### [Work request]
What is needed is an exact copy of the entries below, with the pictures left out.

(Images for object localization)
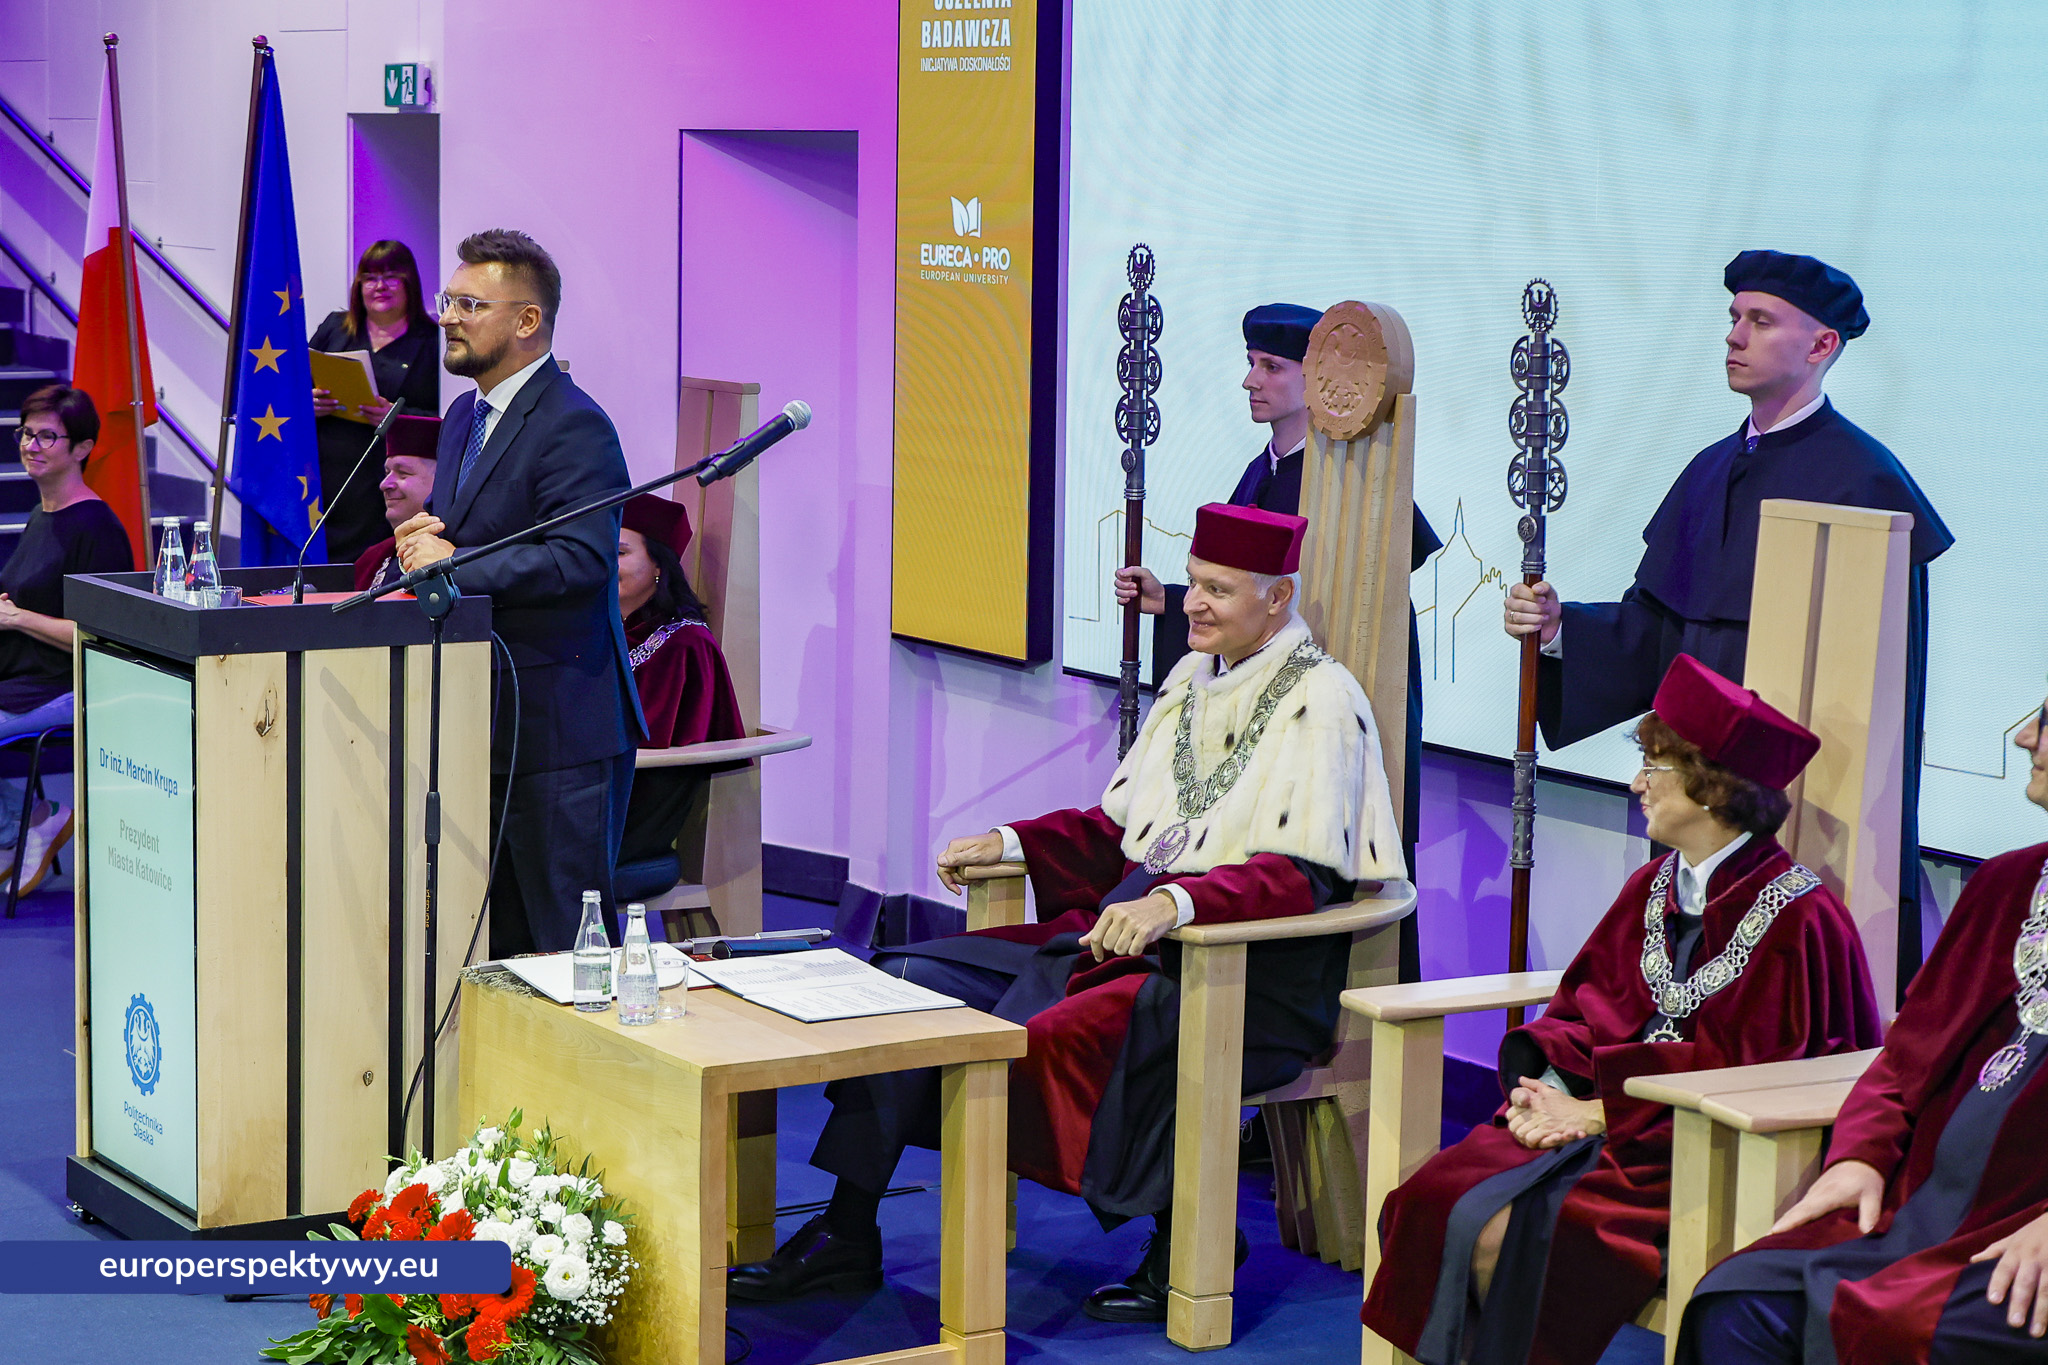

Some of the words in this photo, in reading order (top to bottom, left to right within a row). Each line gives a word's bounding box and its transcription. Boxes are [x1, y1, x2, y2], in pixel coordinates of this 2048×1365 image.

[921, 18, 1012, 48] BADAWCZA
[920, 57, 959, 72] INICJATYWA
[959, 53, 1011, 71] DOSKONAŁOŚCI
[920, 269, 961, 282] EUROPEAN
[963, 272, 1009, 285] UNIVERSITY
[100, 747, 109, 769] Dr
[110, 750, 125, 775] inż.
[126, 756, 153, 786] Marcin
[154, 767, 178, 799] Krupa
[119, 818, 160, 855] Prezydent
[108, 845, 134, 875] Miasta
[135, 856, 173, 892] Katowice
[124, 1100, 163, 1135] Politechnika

### [Solved exercise]
Some of the words in this photo, in reading order (top to bottom, left to right within a row). Each line gives a word's bounding box and its transcription. Boxes are [x1, y1, x2, y2], in pixel coordinates of this 2048×1365 image.

[921, 18, 1012, 48] BADAWCZA
[920, 57, 959, 72] INICJATYWA
[959, 53, 1011, 71] DOSKONAŁOŚCI
[920, 269, 961, 282] EUROPEAN
[963, 272, 1009, 285] UNIVERSITY
[100, 747, 109, 769] Dr
[110, 750, 125, 775] inż.
[126, 756, 153, 786] Marcin
[154, 767, 178, 799] Krupa
[119, 818, 160, 855] Prezydent
[108, 845, 134, 875] Miasta
[135, 856, 173, 892] Katowice
[124, 1100, 163, 1135] Politechnika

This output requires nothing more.